Oireachtas Joint and Select Committees
Tuesday, 23 July 2013
Joint Oireachtas Committee on Health and Children
Child and Family Agency: Discussion with Chairman Designate
2:50 pm
Ms Norah Gibbons:
I very much welcome the discussion that took place in the State during the children's referendum campaign on recognising the voices of children. People are beginning to understand, albeit not in the numbers we would have liked, that children are unique by reason of their youthfulness and we need to pay special attention to them.
Parenting courses of different types and quality have been taking place for many years in the country. The triple P parenting programme, which has been tested and works, is now available. It is supported by the Department of Children and Youth Affairs and the Department of Health and is being rolled out in the midlands. We hope it will be rolled out over time.
I constantly refer to family resource centres because I am very fond of the services they provide. Last year, 1,242 adults and 566 children benefitted from programme activities, including parenting programmes and the Strengthening Families programmes. The community mothers programme, under which mothers in the community visit first-time mothers, particularly those at risk, has been widely deployed throughout the country.
For many years I was the chair of Treoir, the organisation providing support for young parents. The number of parents aged under 18 is falling and has been for some time, which is good. Once young people are looking forward to a different life involving work, the rate decreases. Young parents are not bad parents; rather, they can be very good parents if they have support within their families. In the past, as the committee knows, the tradition in Ireland, unfortunately, was that young parents were removed from the family orbit because people did not want to acknowledge what had happened. Nowadays they are kept within the family and for most of them things work very well.
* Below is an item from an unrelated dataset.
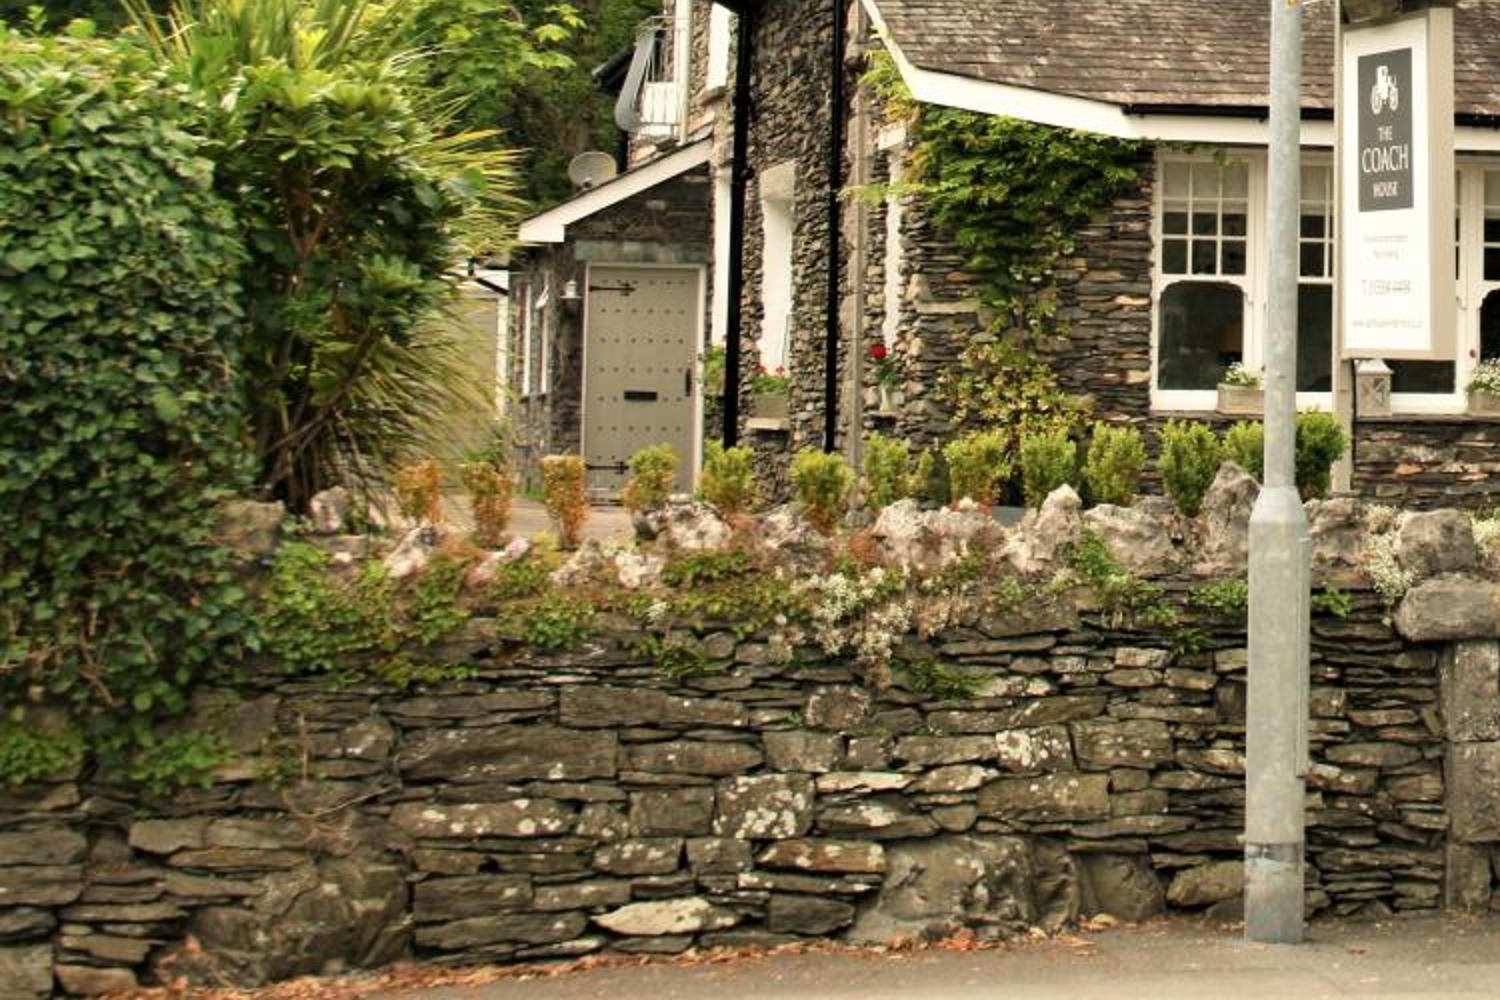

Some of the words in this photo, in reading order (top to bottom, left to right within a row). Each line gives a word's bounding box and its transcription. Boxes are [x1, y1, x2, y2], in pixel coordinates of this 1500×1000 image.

There are a number of programmes for young parents. I was previously employed by Barnardos, which runs one of them. Others, run by the HSE and other organisations around the country, are specifically about supporting teenage parents and taking over from the specialised clinics to which Senator Burke referred. We do not need to set up a specific programme but, rather, to help parents into programmes that already exist. With the integration of resources into one agency that will be easier. If we discover an area of the country has nothing for teenage parents we can talk to the family resource centres easily, because they will be a part of the whole, as well as other agencies. We will able to identify that a need has arisen and ask whether the agency can address it. I recognise that we cannot always build in new resources. We must examine how we are using the current resources.
The NEWB is joining the child and family agency and will have a representative on the senior management team, as I understand it. It will continue to carry out its current role; the Act will not change that. It will come under the board of the child and family agency but its tasks will remain the same. I am very happy that as the agencies begin to work as one the information and expertise they have will be much easier to access for children who may be at serious risk of falling out of school, which is a key factor. If we want to succeed with children and young people we need to keep them in the education system or adapt it to hold onto such children, particularly troubled children who are often in services such as Youthreach.
Alcohol is a major problem for children and families in this country. It is a major problem for the country. I know the Government is examining the issue. It is, perhaps, difficult to admit to the level of misuse of alcohol in this country. It is a major public health matter and is commented on as such. It is to be hoped there will be some recognition of that.